Die deutsche Gießerei-Industrie steht vor einer gravierenden Zäsur. Seit 2018 ging die Produktion um 40 Prozent zurück; nahezu ein Fünftel der Beschäftigten hat die Branche verloren. Von einst 80'000 Arbeitsplätzen sind noch knapp 68'000 übrig. Diese Zahlen kennzeichnen nicht nur einen konjunkturellen Abschwung, sondern den Verlust einer industriellen Kernkompetenz, die sich kaum wiederherstellen lässt, sobald sie einmal verloren ist.
Strategische Bedeutung trifft wirtschaftliche Verwundbarkeit
Gusserzeugnisse sind allgegenwärtig im produzierenden Gewerbe: Sie finden sich im Maschinenbau, in Windkraftanlagen, in der Automobilindustrie, in der Energietechnik und in Verteidigungssystemen. Ohne Gießereien fehlen Gehäuse, Turbinenkomponenten oder Rotoren – Elemente, auf die komplexe Wertschöpfungsketten angewiesen sind. Dass eine einzelne Gießerei in Mülheim an der Ruhr nur durch das Einschreiten eines Rüstungskonzerns gerettet werden konnte, illustriert die sogenannte stille strategische Bedeutung: Verlust von Know-how, Abbau von Fachkräften und die Demontage von Infrastruktur führen zu dauerhaften Engpässen.
- Industriezweige, die Gussteile benötigen: Maschinenbau, Windkraft, Automobil, Energie, Verteidigung
- Zentrale Probleme: Fachkräftemangel, wirtschaftliche Anfälligkeit kleiner Betriebe, fehlende Rentabilität
- Langfristige Risiken: Verlust nationaler Produktionskapazität und Abhängigkeiten
Gießereigipfel in Berlin: Versuch, Substanzverlust zu stoppen
In Berlin versammeln sich zwölf Bundesländer, der Bundesverband der Deutschen Gießerei-Industrie und die IG Metall, um gemeinsame Positionen vorzulegen. Es geht darum, einen schleichenden Substanzverlust aufzuhalten, bevor er irreversibel wird. Der Gipfel ist damit mehr als eine Branchenkonferenz: Er ist ein Alarmzeichen für Politik und Wirtschaft, die Struktur der industriellen Basis zu sichern.
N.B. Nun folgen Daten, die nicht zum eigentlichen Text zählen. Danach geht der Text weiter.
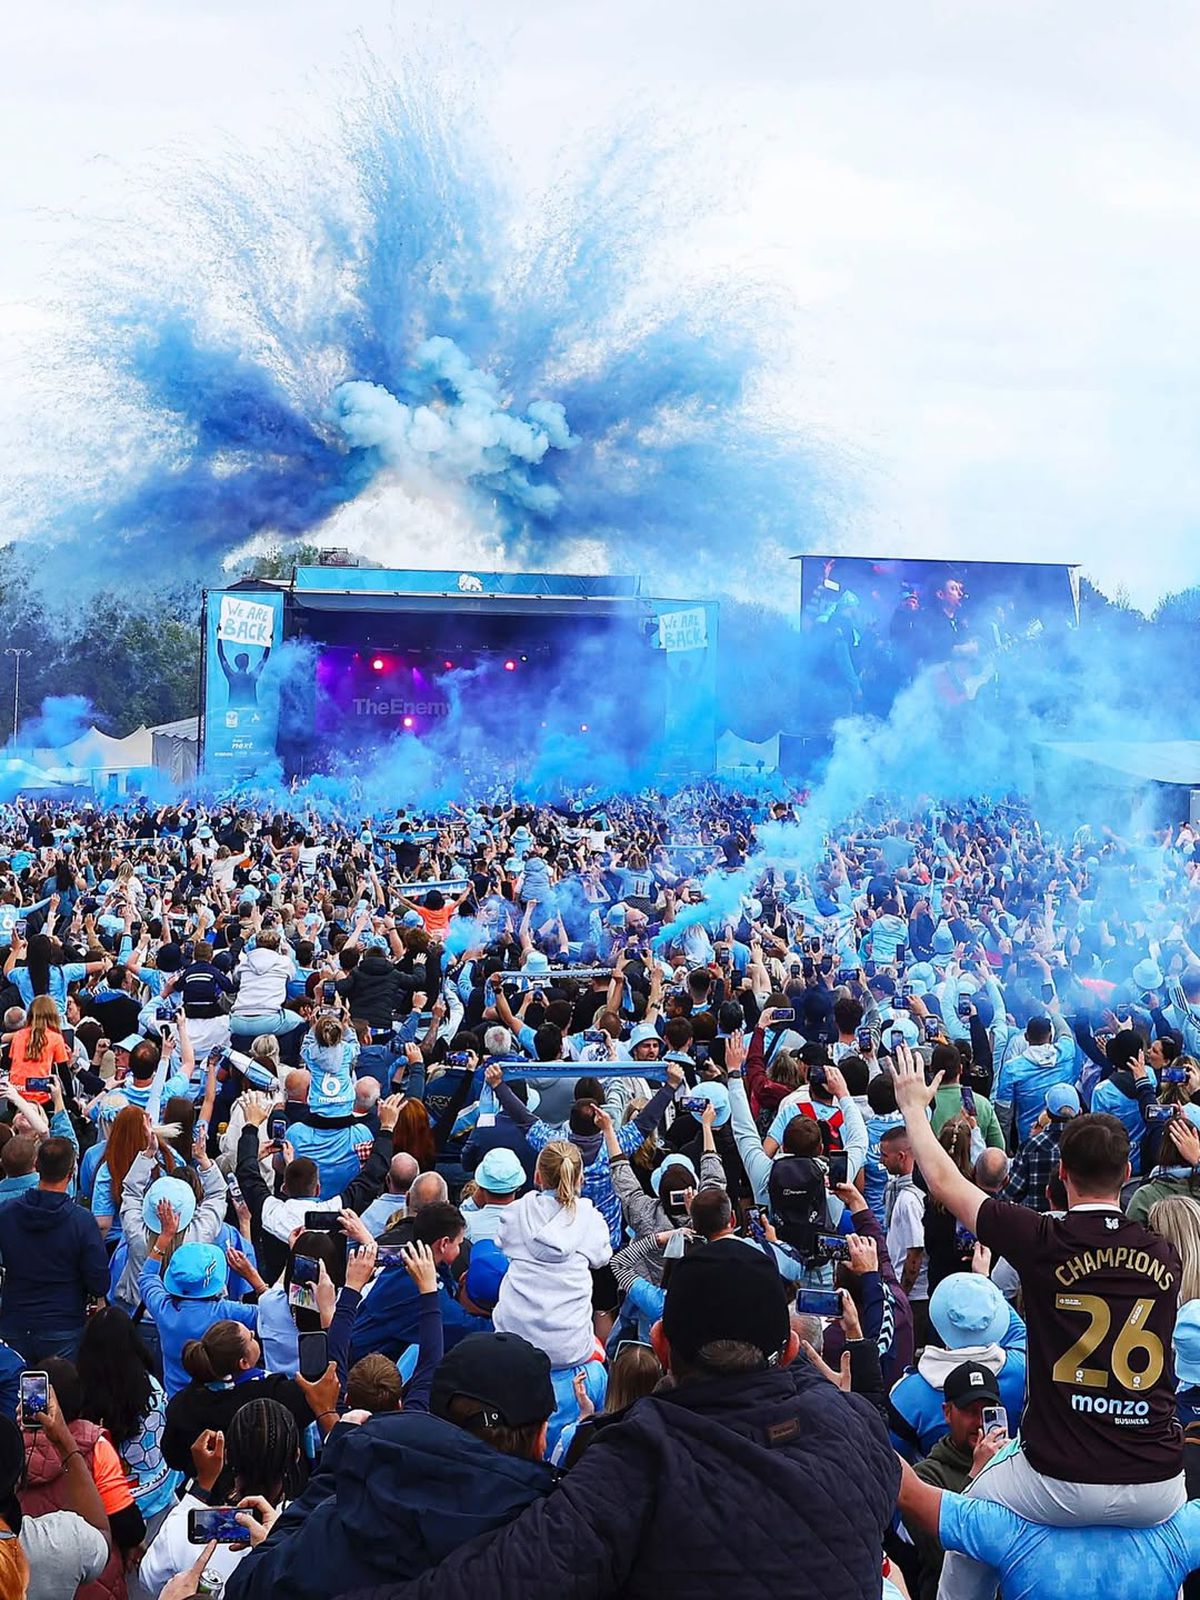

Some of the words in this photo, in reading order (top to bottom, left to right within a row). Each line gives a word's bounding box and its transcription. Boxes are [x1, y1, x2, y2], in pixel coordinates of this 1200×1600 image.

| Indikator | Wert (vor 2018) | Aktuell |
|---|---|---|
| Produktion | Referenzjahr | −40 % seit 2018 |
| Beschäftigte | 80'000 | knapp 68'000 |
Die Folgen eines weiteren Rückgangs wären nicht nur lokal spürbar. Das Institut der deutschen Wirtschaft Köln rechnet bei Fortsetzung des Trends mit einem jährlichen gesamtwirtschaftlichen Wertschöpfungsverlust von rund 65 Milliarden Euro und mittelfristig dem Wegfall von fast 600'000 Arbeitsplätzen – direkt und entlang der Zulieferketten. Solche Projektionen unterstreichen, dass das Thema über die betroffenen Unternehmen hinaus nationale Bedeutung hat.
Die Diskussion in Berlin muss daher praktische Leitfragen beantworten: Wie lassen sich kritische Kapazitäten erhalten? Welche staatlichen oder brancheninternen Sicherungsmechanismen sind nötig, um Kettenbrüche zu verhindern? Und wie kann Fachwissen dauerhaft gesichert werden, wenn Ausbildungsplätze und Produktionsstätten abgebaut wurden? Ohne klare Antworten droht Deutschland, auf Teile einer Schlüsselindustrie dauerhaft verzichten zu müssen.
Der Gießereigipfel ist ein erster Schritt, aber keine Garantie. Entscheidend werden konkrete Massnahmen sein – von Förderinstrumenten über Ausbildungsoffensiven bis zu politischen Rahmenbedingungen, die es kleinen und mittleren Produzenten erlauben, wettbewerbsfähig zu bleiben. Bleiben diese aus, ist das Risiko hoch: Wenn Gießereien verschwinden, gehen nicht nur Öfen und Hallen verloren, sondern auch Fertigkeiten, Zulieferbeziehungen und damit industrielle Souveränität.